• **REQUIREMENT**
Retype the entries exactly; omit all pictures.

(Collected data)
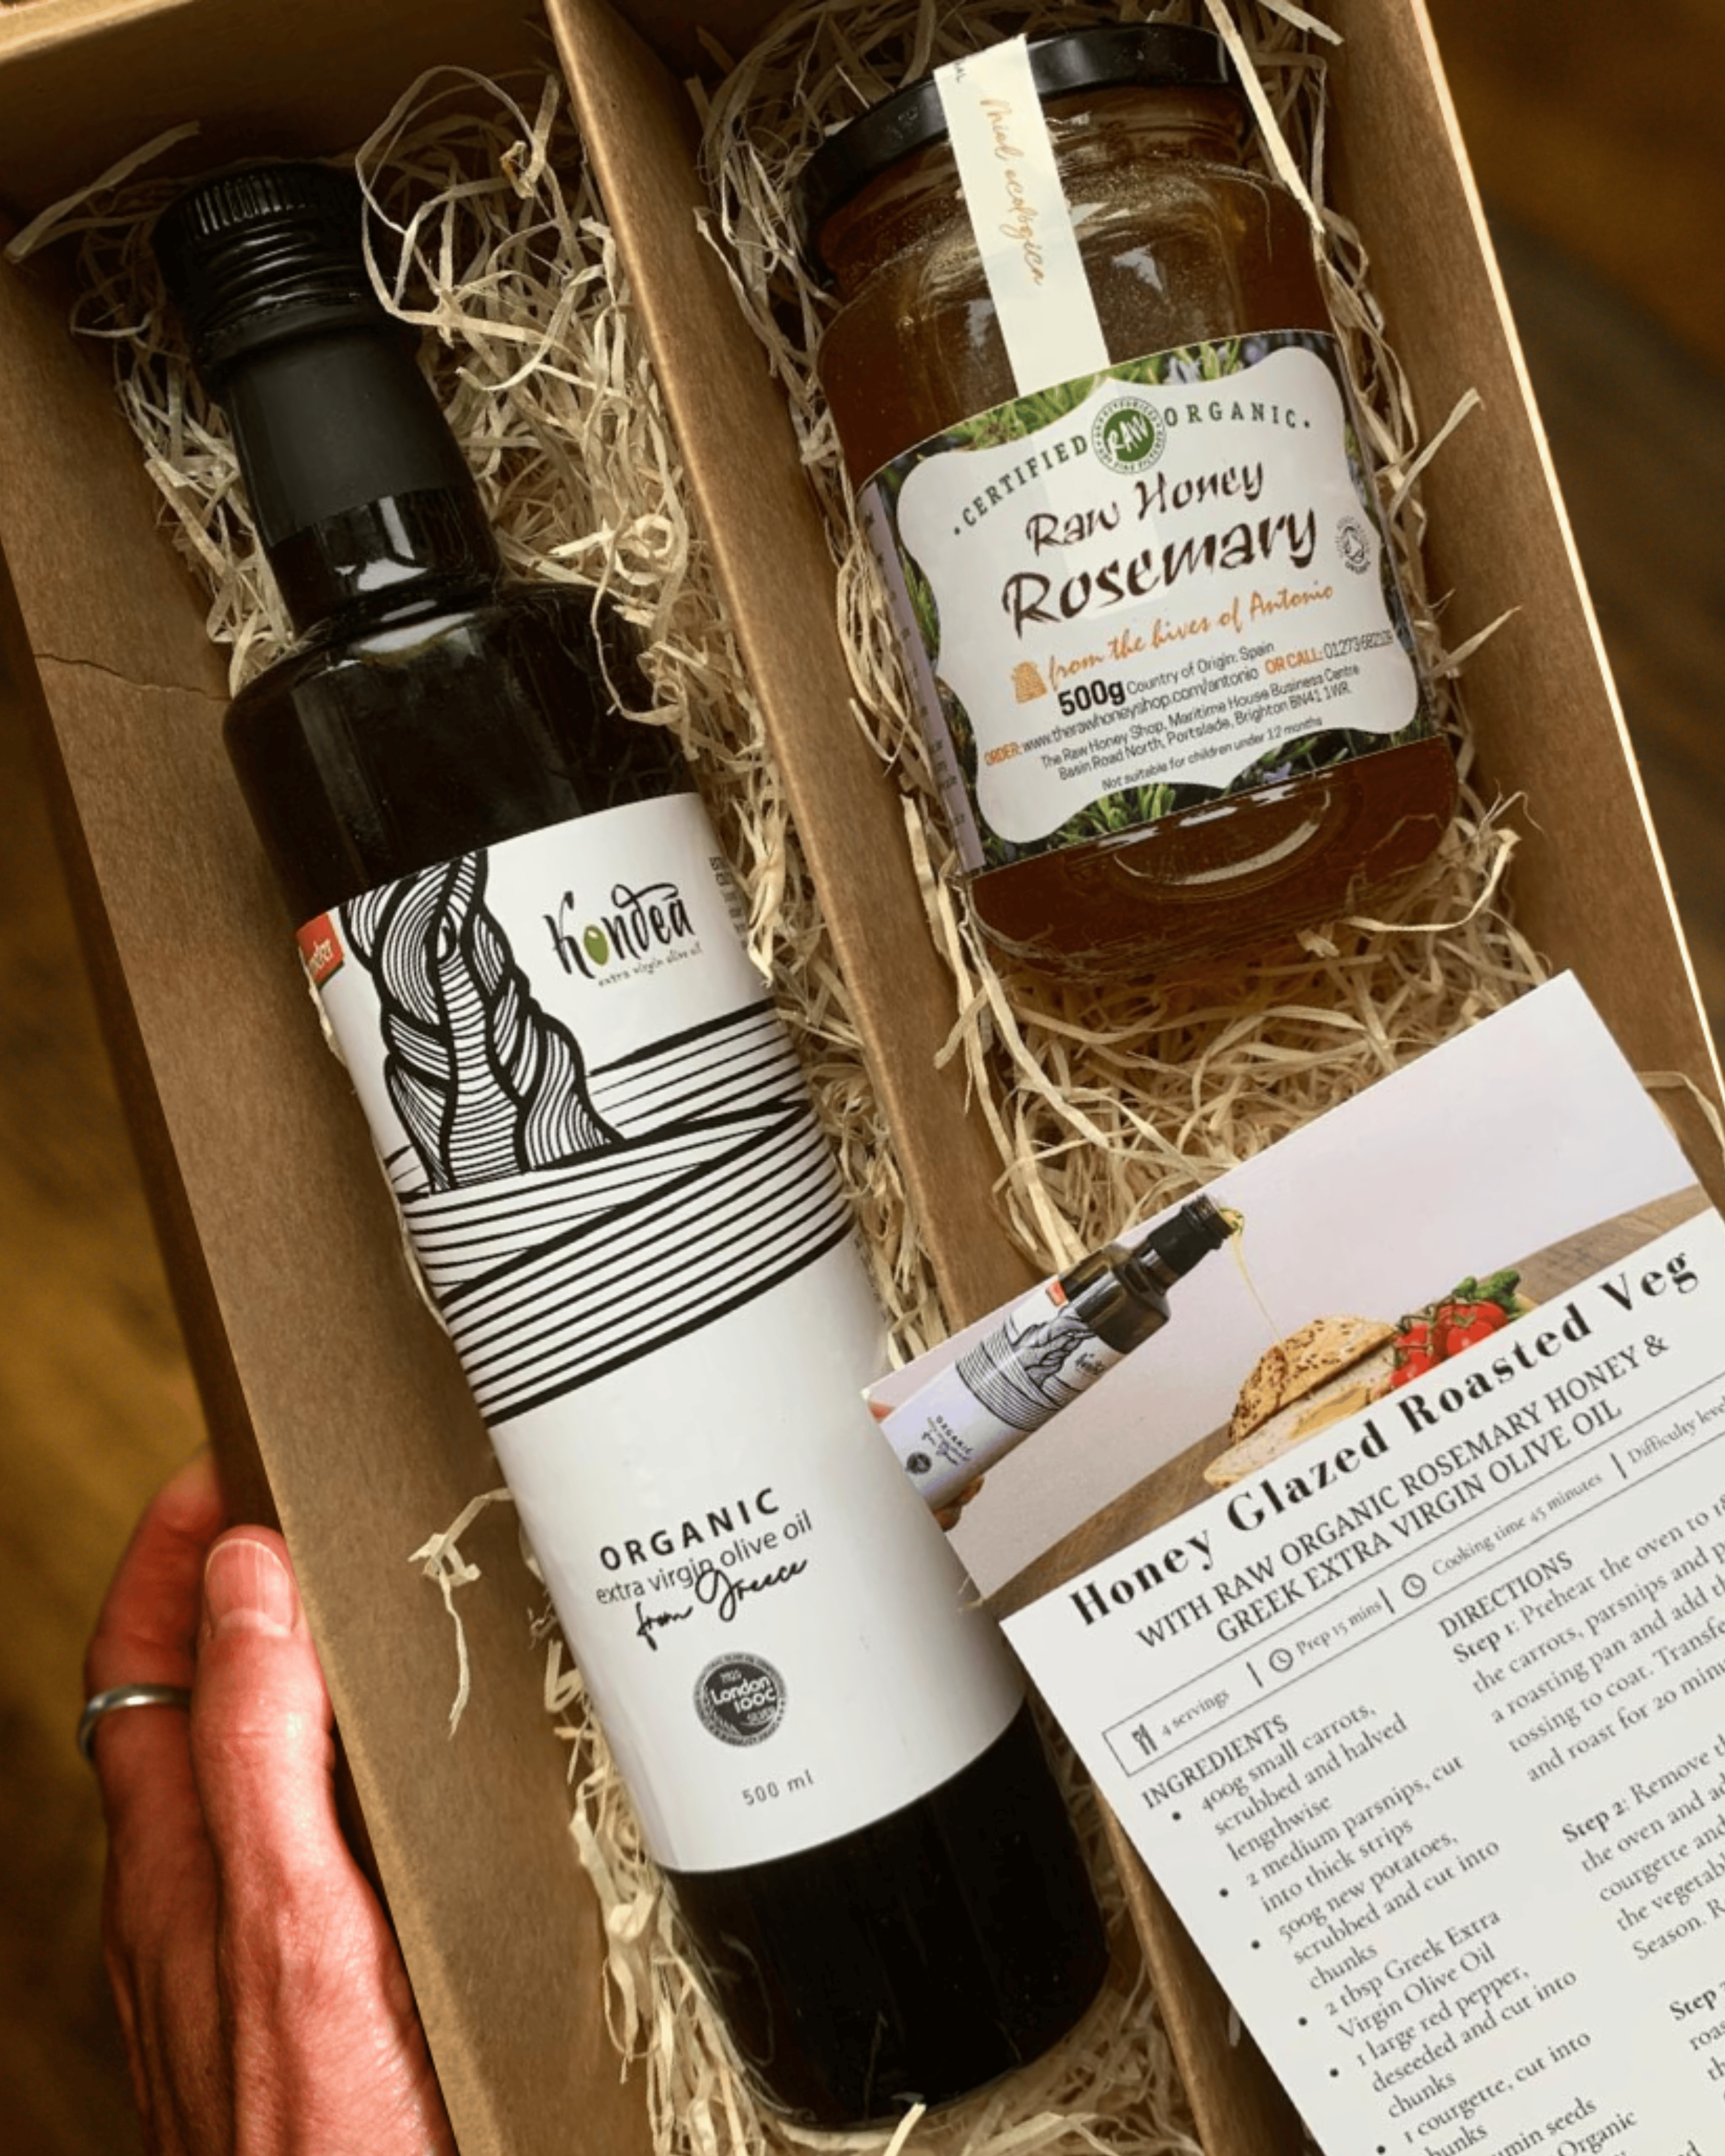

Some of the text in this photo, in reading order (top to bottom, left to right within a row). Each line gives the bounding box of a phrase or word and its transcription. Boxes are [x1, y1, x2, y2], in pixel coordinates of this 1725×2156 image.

[963, 402, 1298, 527] CERTIFIED ORGANIC
[1025, 461, 1263, 556] Raw Honey
[1002, 508, 1317, 639] Rosemary
[1047, 581, 1333, 691] from the hives of Antonio
[1057, 680, 1126, 716] 500g
[1126, 670, 1179, 694] Country
[1182, 664, 1195, 678] of
[1239, 642, 1275, 661] Spain
[1041, 754, 1062, 769] The
[1062, 747, 1088, 762] Raw
[1089, 733, 1128, 753] Honey
[1167, 701, 1226, 727] Maritime
[1227, 689, 1270, 710] House
[1270, 672, 1324, 696] Business
[1324, 664, 1360, 682] Centre
[1057, 760, 1092, 780] Basin
[1092, 749, 1123, 768] Road
[1234, 699, 1289, 727] Brighton
[1102, 778, 1122, 791] Not
[1124, 761, 1167, 784] suitable
[1169, 756, 1186, 770] for
[1187, 742, 1233, 764] children
[1233, 732, 1264, 751] under
[1069, 1253, 1697, 1626] Honey Glazed Roasted Veg
[1627, 1419, 1696, 1464] Difficulty
[600, 1487, 779, 1571] ORGANIC
[1136, 1335, 1668, 1647] WITH RAW ORGANIC ROSEMARY HONEY &
[1216, 1398, 1622, 1642] GREEK EXTRA VIRGIN OLIVE OIL
[1432, 1474, 1603, 1576] Cooking time minutes
[596, 1509, 813, 1605] extra virgin olive oil
[1437, 1551, 1573, 1638] DIRECTIONS
[1453, 1512, 1710, 1663] Step Preheat the oven to
[634, 1559, 808, 1652] from Greece
[1296, 1599, 1382, 1656] Prep mins
[1473, 1545, 1710, 1694] the carrots, parsnips and
[1506, 1585, 1709, 1714] roasting pan and add
[710, 1676, 771, 1705] London
[1172, 1689, 1230, 1728] servings
[1508, 1706, 1581, 1753] tossing
[1579, 1693, 1603, 1712] to
[1606, 1666, 1653, 1698] coat.
[742, 1769, 814, 1806] 500 ml
[1141, 1714, 1289, 1810] INGREDIENTS
[1202, 1705, 1377, 1812] 400g small carrots,
[1215, 1711, 1408, 1837] scrubbed and halved
[1527, 1704, 1649, 1782] and roast for
[1226, 1797, 1332, 1862] lengthwise
[1246, 1756, 1464, 1887] 2 medium parsnips, cut
[1562, 1811, 1610, 1843] Step
[1629, 1752, 1710, 1805] Remove
[1581, 1789, 1706, 1872] the oven and
[1260, 1820, 1413, 1914] into thick strips
[1278, 1834, 1458, 1944] 500g new potatoes,
[1293, 1842, 1499, 1964] scrubbed and cut into
[1600, 1844, 1689, 1902] courgette
[1325, 1911, 1501, 2016] 2 tbsp Greek Extra
[1617, 1906, 1649, 1931] the
[1632, 1917, 1707, 1960] Season.
[1309, 1944, 1378, 1989] chunks
[1337, 1941, 1496, 2038] Virgin Olive Oil
[1365, 1967, 1530, 2060] large red pepper,
[1372, 1972, 1576, 2093] deseeded and cut into
[1388, 2073, 1456, 2118] chunks
[1417, 2033, 1591, 2136] courgette, cut into
[1546, 2096, 1597, 2136] seeds
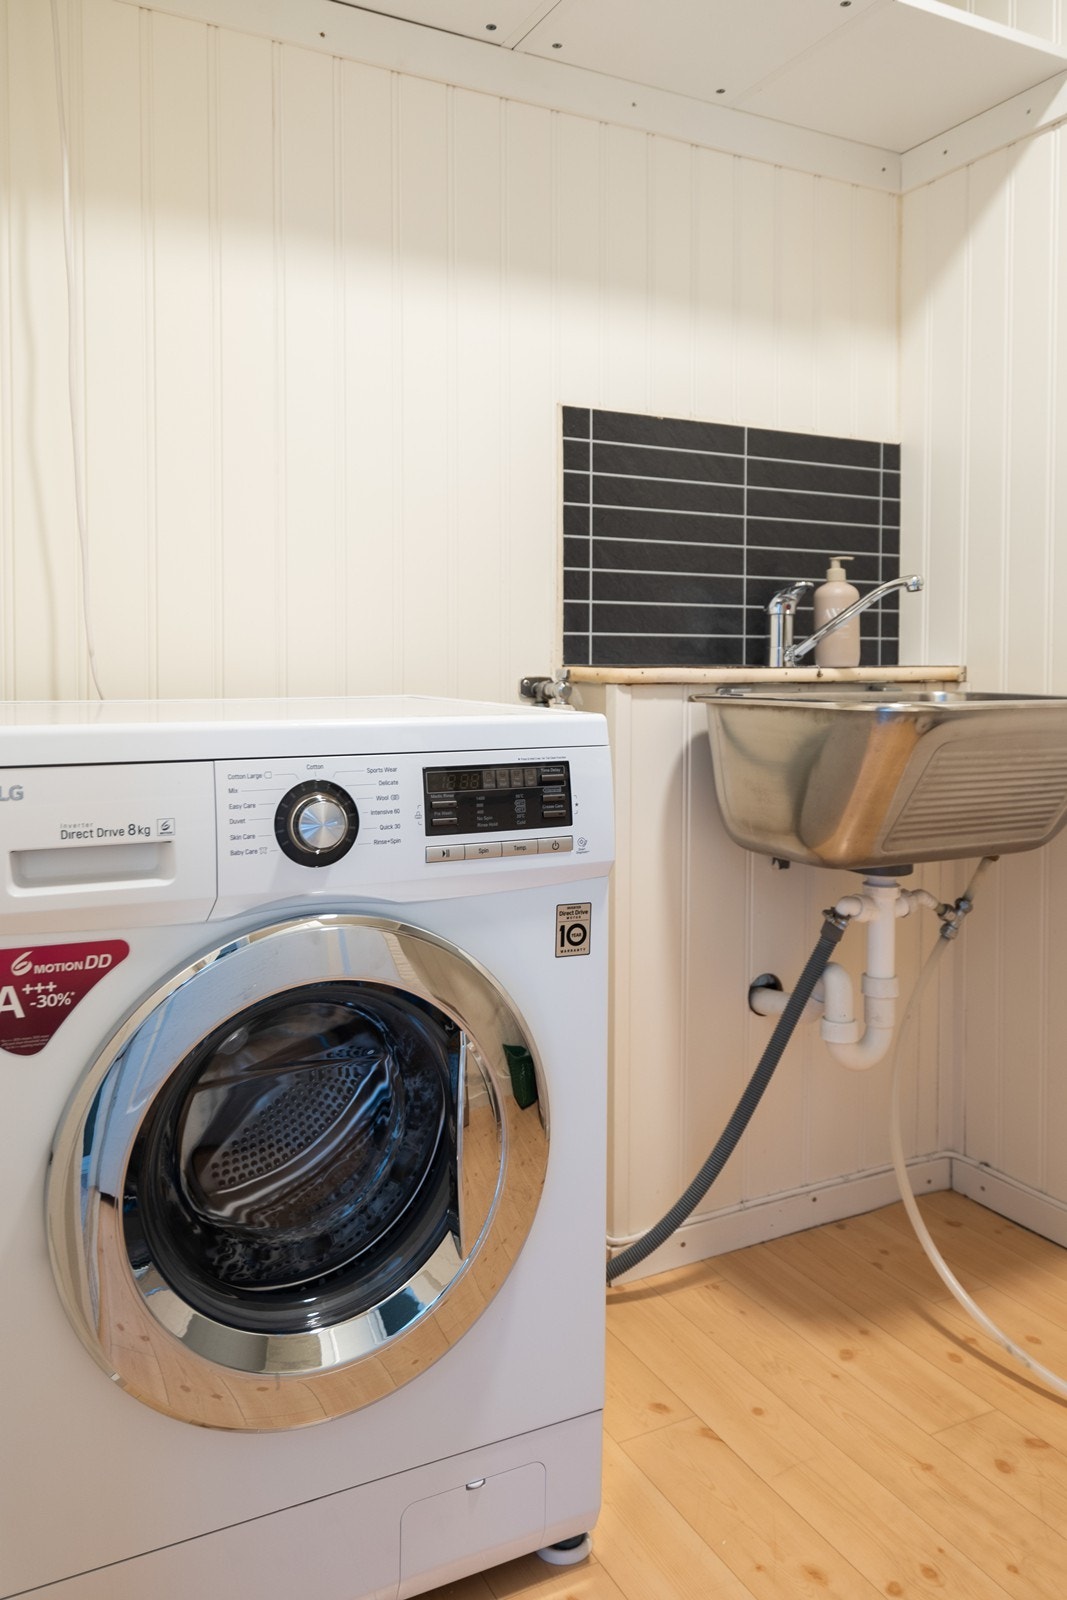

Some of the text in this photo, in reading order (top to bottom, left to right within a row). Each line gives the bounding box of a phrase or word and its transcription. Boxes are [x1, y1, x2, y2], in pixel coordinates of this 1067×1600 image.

[0, 784, 24, 801] LG
[60, 829, 94, 840] Direct
[97, 826, 125, 838] Drive
[560, 923, 587, 948] 10
[34, 960, 84, 974] MOTION

• **ANSWER TO THIS TASK**
Some of the text in this photo, in reading order (top to bottom, left to right within a row). Each line gives the bounding box of a phrase or word and its transcription. Boxes are [x1, y1, x2, y2], in pixel coordinates of this 1725×2156 image.

[963, 402, 1298, 527] CERTIFIED ORGANIC
[1025, 461, 1263, 556] Raw Honey
[1002, 508, 1317, 639] Rosemary
[1047, 581, 1333, 691] from the hives of Antonio
[1057, 680, 1126, 716] 500g
[1126, 670, 1179, 694] Country
[1182, 664, 1195, 678] of
[1239, 642, 1275, 661] Spain
[1041, 754, 1062, 769] The
[1062, 747, 1088, 762] Raw
[1089, 733, 1128, 753] Honey
[1167, 701, 1226, 727] Maritime
[1227, 689, 1270, 710] House
[1270, 672, 1324, 696] Business
[1324, 664, 1360, 682] Centre
[1057, 760, 1092, 780] Basin
[1092, 749, 1123, 768] Road
[1234, 699, 1289, 727] Brighton
[1102, 778, 1122, 791] Not
[1124, 761, 1167, 784] suitable
[1169, 756, 1186, 770] for
[1187, 742, 1233, 764] children
[1233, 732, 1264, 751] under
[1069, 1253, 1697, 1626] Honey Glazed Roasted Veg
[1627, 1419, 1696, 1464] Difficulty
[600, 1487, 779, 1571] ORGANIC
[1136, 1335, 1668, 1647] WITH RAW ORGANIC ROSEMARY HONEY &
[1216, 1398, 1622, 1642] GREEK EXTRA VIRGIN OLIVE OIL
[1432, 1474, 1603, 1576] Cooking time minutes
[596, 1509, 813, 1605] extra virgin olive oil
[1437, 1551, 1573, 1638] DIRECTIONS
[1453, 1512, 1710, 1663] Step Preheat the oven to
[634, 1559, 808, 1652] from Greece
[1296, 1599, 1382, 1656] Prep mins
[1473, 1545, 1710, 1694] the carrots, parsnips and
[1506, 1585, 1709, 1714] roasting pan and add
[710, 1676, 771, 1705] London
[1172, 1689, 1230, 1728] servings
[1508, 1706, 1581, 1753] tossing
[1579, 1693, 1603, 1712] to
[1606, 1666, 1653, 1698] coat.
[742, 1769, 814, 1806] 500 ml
[1141, 1714, 1289, 1810] INGREDIENTS
[1202, 1705, 1377, 1812] 400g small carrots,
[1215, 1711, 1408, 1837] scrubbed and halved
[1527, 1704, 1649, 1782] and roast for
[1226, 1797, 1332, 1862] lengthwise
[1246, 1756, 1464, 1887] 2 medium parsnips, cut
[1562, 1811, 1610, 1843] Step
[1629, 1752, 1710, 1805] Remove
[1581, 1789, 1706, 1872] the oven and
[1260, 1820, 1413, 1914] into thick strips
[1278, 1834, 1458, 1944] 500g new potatoes,
[1293, 1842, 1499, 1964] scrubbed and cut into
[1600, 1844, 1689, 1902] courgette
[1325, 1911, 1501, 2016] 2 tbsp Greek Extra
[1617, 1906, 1649, 1931] the
[1632, 1917, 1707, 1960] Season.
[1309, 1944, 1378, 1989] chunks
[1337, 1941, 1496, 2038] Virgin Olive Oil
[1365, 1967, 1530, 2060] large red pepper,
[1372, 1972, 1576, 2093] deseeded and cut into
[1388, 2073, 1456, 2118] chunks
[1417, 2033, 1591, 2136] courgette, cut into
[1546, 2096, 1597, 2136] seeds

Some of the text in this photo, in reading order (top to bottom, left to right within a row). Each line gives the bounding box of a phrase or word and its transcription. Boxes are [x1, y1, x2, y2], in pixel coordinates of this 1067×1600 image.

[0, 784, 24, 801] LG
[60, 829, 94, 840] Direct
[97, 826, 125, 838] Drive
[560, 923, 587, 948] 10
[34, 960, 84, 974] MOTION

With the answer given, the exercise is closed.